How much income to afford a 400k house? ›

To afford a $400,000 home, assuming a 20% down payment and a 6.5% interest rate on a 30-year mortgage, you would need a gross monthly income of approximately $7,786.55. This assumes you have $1,000 in monthly debt.

How much do you need to make to afford a 550K mortgage? ›

As a general guideline, it's often recommended to limit your housing expenditure to no more than about one-third of your income. And so, to determine approximately how much income you would need to afford a $550K home purchase, triple $42,000: You'd need an annual income of at least $126,000.

What income is needed for a $400,000 mortgage? ›

Your payment should not be more than 28%. of your total gross monthly income. That means you'll need to make 11,500 dollars a month, or 138 k per year. in order to comfortably afford this 400,000 dollar home.

How much should you have in savings after buying a house? ›

Given all of these factors, most experts recommend having a minimum of 6-9 months' worth of living expenses after closing. Some advise having up to 20% of the home's value leftover in cash reserves, though this is not practical for every home buyer. Ultimately how much you need depends on your own financial situation.

How much money should you save before buying a house? ›

Save for a down payment: You'll typically need at least 3 percent of the purchase price of the home as a down payment. Keep in mind that to avoid having to pay for mortgage insurance, though, you'll likely need to put at least 20 percent down.

Is $50,000 a year enough for a house? ›

The rule of 2.5 times your income stipulates that you shouldn't purchase a house that costs more than two and a half times your annual income. So, if you have a $50,000 annual salary, you should be able to afford a $125,000 home.

What is a good credit score by age? ›

How Credit Scores Breakdown by Generation
Average FICO 8 Score by Generation
Generation20222023
Generation Z (ages 18-26)679 - Good680 - Good
Millennials (27-42)687 - Good690 - Good
Generation X (43-58)707 - Good709 - Good
2 more rows

What is a decent credit score? ›

Although ranges vary depending on the credit scoring model, generally credit scores from 580 to 669 are considered fair; 670 to 739 are considered good; 740 to 799 are considered very good; and 800 and up are considered excellent.

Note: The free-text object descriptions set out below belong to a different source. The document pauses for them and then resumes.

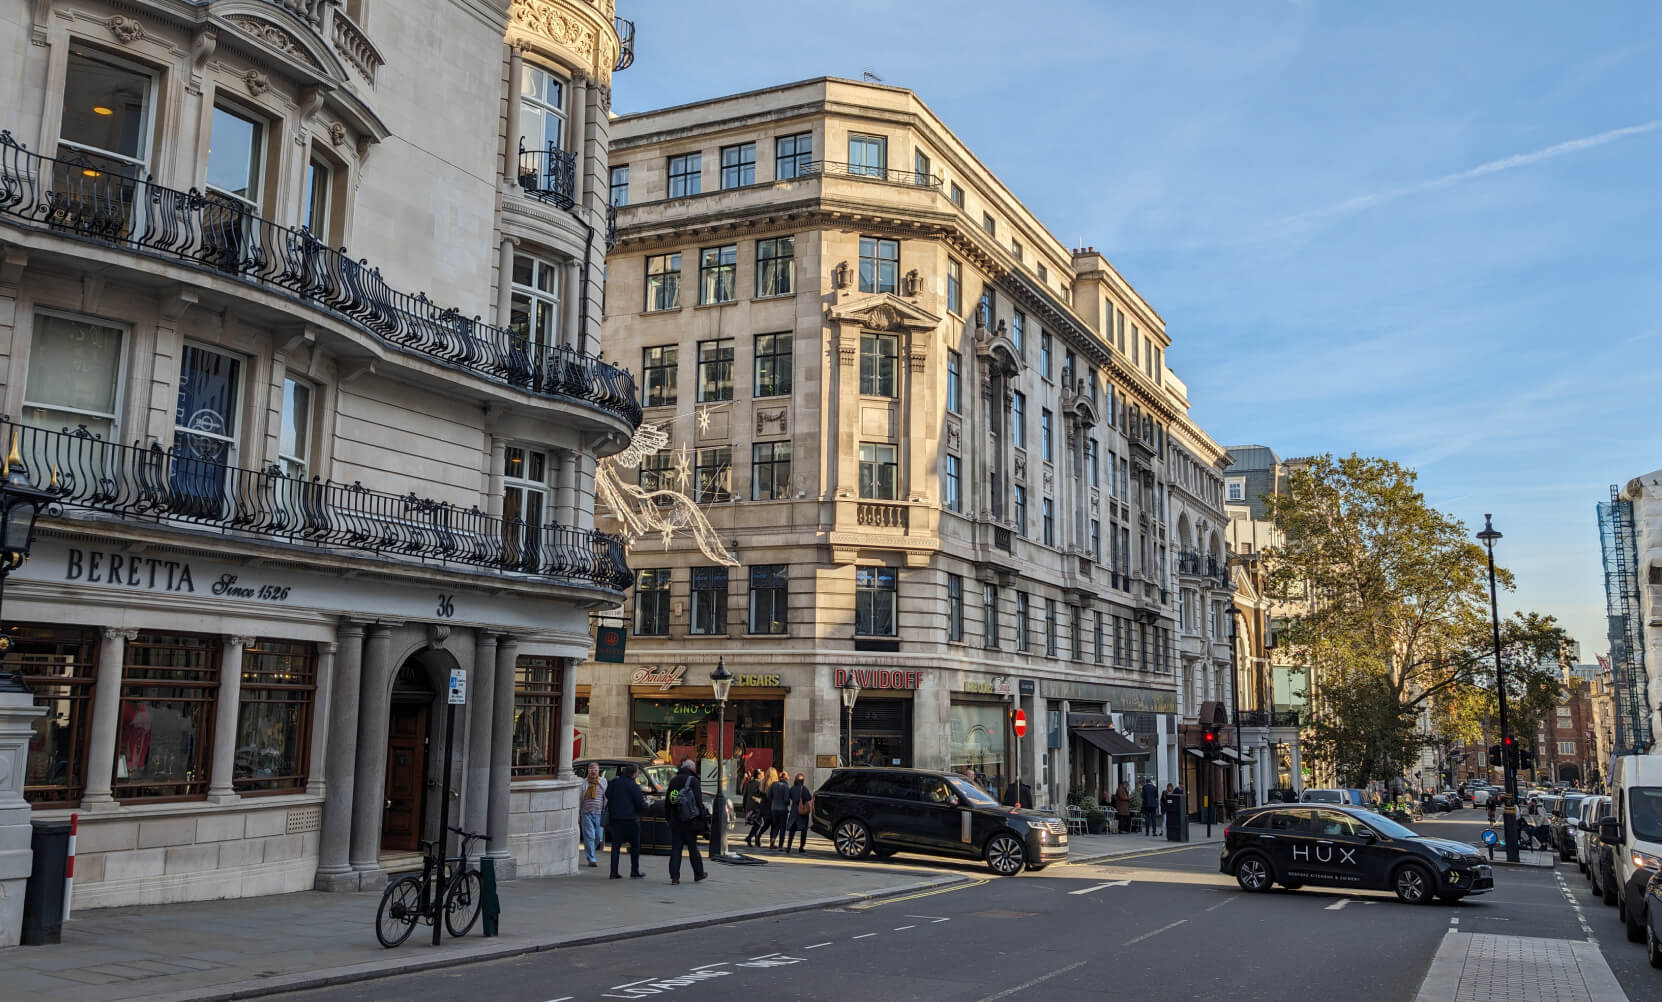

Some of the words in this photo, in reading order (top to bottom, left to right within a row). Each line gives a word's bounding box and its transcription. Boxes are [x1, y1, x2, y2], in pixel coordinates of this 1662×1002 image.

[66, 549, 194, 592] BERETTA
[212, 574, 255, 598] Since
[257, 585, 291, 600] 1526
[437, 594, 454, 617] 36
[631, 665, 687, 690] Davidoff
[738, 674, 780, 687] CIGARS
[1293, 844, 1356, 864] HUX
[600, 970, 734, 999] LOADING

What is a good FICO score? ›

670-739

How much house can I afford with a 60k salary? ›

The 28/36 rule holds that if you earn $60k and don't pay too much to cover your debt each month, you can afford housing expenses of $1,400 a month. Another rule of thumb suggests you could afford a home worth $180,000, or three times your salary.

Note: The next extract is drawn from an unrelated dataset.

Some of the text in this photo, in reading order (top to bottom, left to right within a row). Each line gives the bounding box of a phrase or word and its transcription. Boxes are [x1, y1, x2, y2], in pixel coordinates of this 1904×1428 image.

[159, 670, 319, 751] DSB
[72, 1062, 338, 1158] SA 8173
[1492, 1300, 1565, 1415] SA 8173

How much home can I afford with an 80k salary? ›

(For example, someone earning $80,000 a year who is already paying $1,400 per month toward debt can likely only afford a house priced around $200,000.) The higher your DTI, the riskier you appear to mortgage lenders — which may drive up your interest rate and, therefore, your monthly payment.

How much house can I afford if I make $70,000 a year? ›

One rule of thumb is that the cost of your home should not exceed three times your income. On a salary of $70k, that would be $210,000. This is only one way to estimate your budget, however, and it assumes that you don't have a lot of other debts.

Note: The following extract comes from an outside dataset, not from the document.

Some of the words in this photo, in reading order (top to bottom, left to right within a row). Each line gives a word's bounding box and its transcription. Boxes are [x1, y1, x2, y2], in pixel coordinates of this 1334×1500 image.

How much house can I afford with $500k salary? ›

One rule of thumb is to aim for a home that costs about two-and-a-half times your gross annual salary. If you have significant credit card debt or other financial obligations like alimony or even an expensive hobby, then you may need to set your sights lower.

References

Top Articles
Latest Posts
Article information

Author: Nicola Considine CPA

Last Updated:

Views: 5643

Rating: 4.9 / 5 (49 voted)

Reviews: 80% of readers found this page helpful

Author information

Name: Nicola Considine CPA

Birthday: 1993-02-26

Address: 3809 Clinton Inlet, East Aleisha, UT 46318-2392

Phone: +2681424145499

Job: Government Technician

Hobby: Calligraphy, Lego building, Worldbuilding, Shooting, Bird watching, Shopping, Cooking

Introduction: My name is Nicola Considine CPA, I am a determined, witty, powerful, brainy, open, smiling, proud person who loves writing and wants to share my knowledge and understanding with you.